The raw scores for childhood developmental variables were standardized, within age, on the entire cohort, using the z-score transformation so that the cohort had a mean of 0 and an SD of 1 on these variables. The figures show the standardized scores for each outcome group. Differences between outcome groups can be evaluated by comparing differences in z scores (SD units), where 0.2 is a small, 0.5 is a moderate, and 0.8 is a large effect size.⁵⁷

Relationships between childhood developmental impairments and psychiatric outcomes at age 26 years were examined using a collection of regression techniques as required by the different types of developmental variables examined in this study (categorical, continuous, and repeated). Each regression equation was composed of 3 dummy variables for diagnostic status (schizophreniform, mania, and anxiety/depression groups), with the control group as the reference category. All reported regression coefficients and ORs were adjusted for sex and SES. Logistic regression analysis examined the following categorical variables: individual obstetric complications, maternal rejection, and presence of 1 or more neurologic signs at age 3 years. Ordinary least squares regression examined the following continuous variables: peer rejection and social isolation. Motor and language development, IQ, and internalizing and externalizing problems were measured on multiple occasions and analyzed using the generalized estimating equation (GEE) approach—a form of repeated-measures regression analysis in which any required covariance structure may be assumed and parameters estimated without specifying the joint distribution of the repeated observations.⁵⁸ We specified an unstructured correlation matrix and used robust SEs to protect against model misspecification.⁵⁹ The GEE approach can accommodate noninformative missing values.^60- 61 We report regression coefficients adjusted for sex and SES and their 95% CIs. These coefficients represent the average difference among diagnostic groups. To test whether relationships between developmental impairments and psychiatric outcomes at age 26 years were obtained independently of perinatal and postnatal environmental factors, all GEE analyses were repeated, controlling for obstetric complications and maternal rejection.

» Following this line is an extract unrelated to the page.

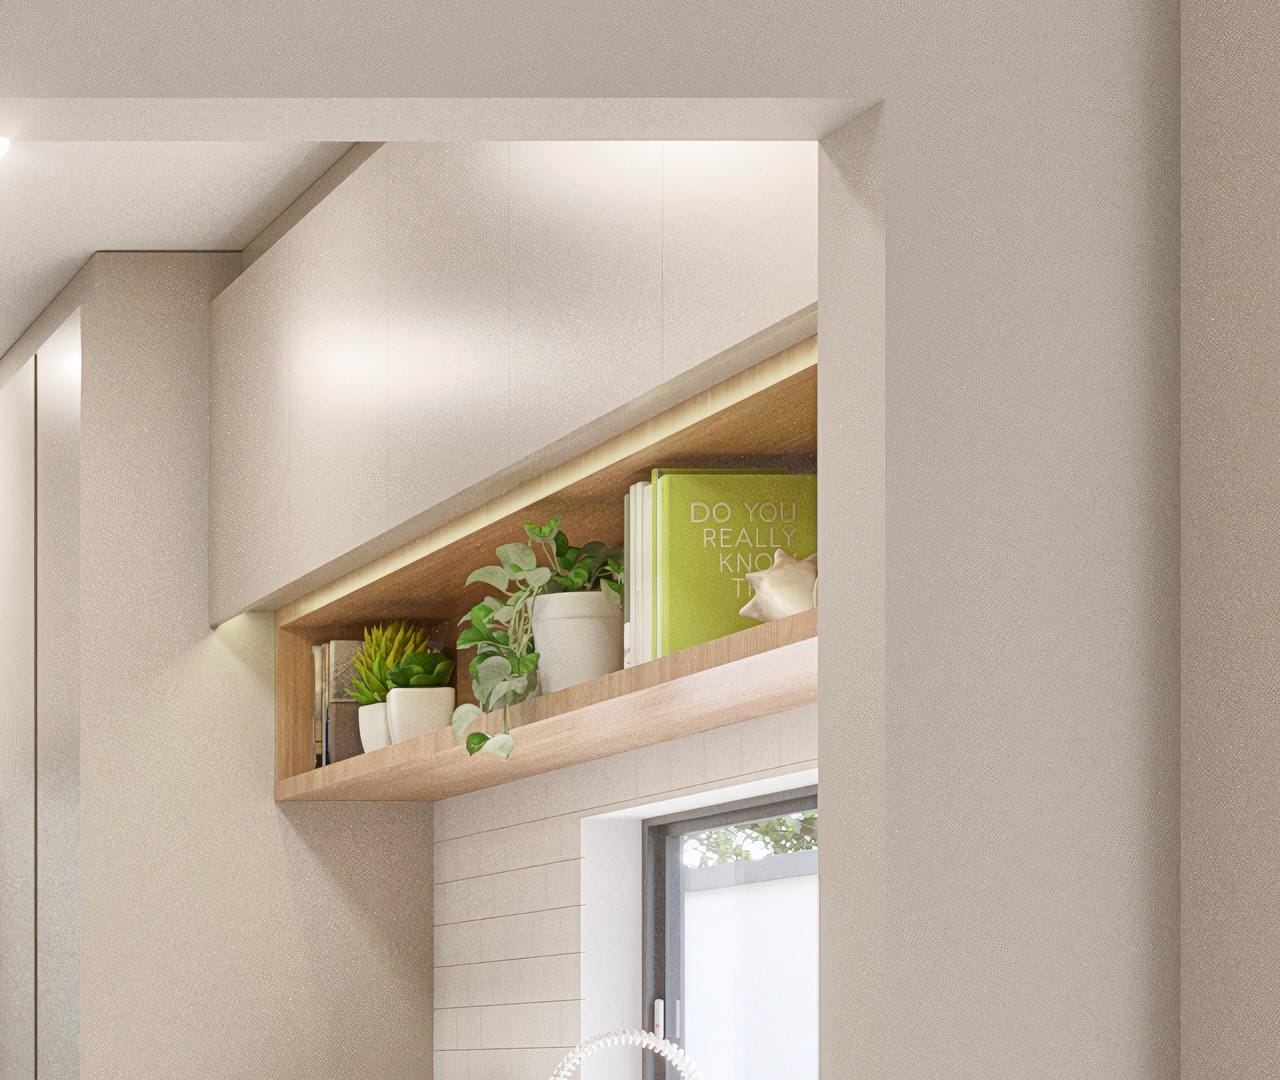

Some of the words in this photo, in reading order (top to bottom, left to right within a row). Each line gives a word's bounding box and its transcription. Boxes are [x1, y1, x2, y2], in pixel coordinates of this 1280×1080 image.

To test whether the developmental impairments that were associated with a schizophreniform outcome at age 26 years were also associated with psychotic symptoms at age 11 years, we repeated the GEE analyses using 2 dummy variables representing the weak- and strong-symptom groups at age 11 years, with the nonsymptom group as the reference category. All analyses were carried out using Stata version 6.0 (Stata Corp, College Station, Tex).⁶² Interactions between sex and diagnosis were not examined owing to power limitations. All significance tests were 2-tailed.

There were significant overall sex and family SES differences among the adult diagnostic groups. The adult anxiety/depression group contained significantly more females than the control group (60.1% vs 45%; χ²₁ = 17.6; P<.01) and a significantly higher proportion of adults in the schizophreniform group came from low-SES families (categories 1 and 2) compared with controls (47.2% vs 9.2%; χ²₁= 16.5; P<.01).

There was a significant association between the obstetric complications index and later schizophreniform disorder (β = .38; 95% CI, 0.25-0.52; P = .02) but no significant association with later mania(β = .03; 95% CI, −0.15 to 0.21) or anxiety/depression (β= −.03; 95% CI, −0.08 to 0.03). Post hoc analyses revealed that3 complications were associated with an increased risk of schizophreniform disorder: low Apgar score at birth (OR, 5.9; 95% CI, 1.1-32.0); hypoxia at birth (apnea or idiopathic respiratory distress syndrome) (OR, 5.0; 95% CI, 1.5-16.4); and small-for-gestational-age status (OR, 2.8; 95% CI, 1.1-6.9). The mothers of the schizophreniform group (OR, 2.65; 95% CI, 1.2-5.6) but not the manic group (OR, 1.7; 95% CI, 0.6-4.9) or the anxiety/depression group(OR, 1.4; 95% CI, 0.9-2.03) were significantly more likely to have atypical mother-child interactions when compared with mothers of controls.

The schizophreniform group began to walk significantly later than controls(mean [SE], 14.9 [1.0] months vs 13.6 [0.13] months; F_3,661= 5.01[adjusted for sex and SES]; P = .02) but there were no differences for any other infant milestones. At age 3 years, the schizophreniform group was significantly more likely than controls to have one or more neurologic signs (OR, 4.6; 95% CI, 1.9-10.9). The mania group (OR, 0.8; 95% CI, 0.1-6.4) and the anxiety/depression group (OR, 1.7; 95% CI, 0.9-2.8) were not significantly more likely to have neurologic signs than controls. The schizophreniform group also performed worse than controls (more than 0.3 SDs) on standard tests of motor skill at ages 3, 5, and 9 years but not at age 7 years (Figure 1). The repeated-measures analysis showed that the schizophreniform group performed significantly worse than the control group overall, while the mania group performed significantly better than the control group on motor performance, even after controlling for sex and SES (Table 1). The anxiety/depression group did not differ significantly from controls on any of these motor assessments.

The schizophreniform group did not exhibit any problems with expressive language but their receptive language skills were significantly poorer than those of the controls (between 0.2-0.6 SDs) at each of the 4 biennial testings during the first decade of life (Figure 2). The schizophreniform group also performed more poorly than controls(about 0.4 SDs) on standard IQ tests at each of 5 assessments between ages3 and 11 years (Figure 3). These significant impairments in receptive language and cognitive development among the schizophreniform group were independent of sex and SES (Table 1). The mania and the anxiety/depression groups did not differ significantly from controls on either language measure or on IQ test performance(Table 1).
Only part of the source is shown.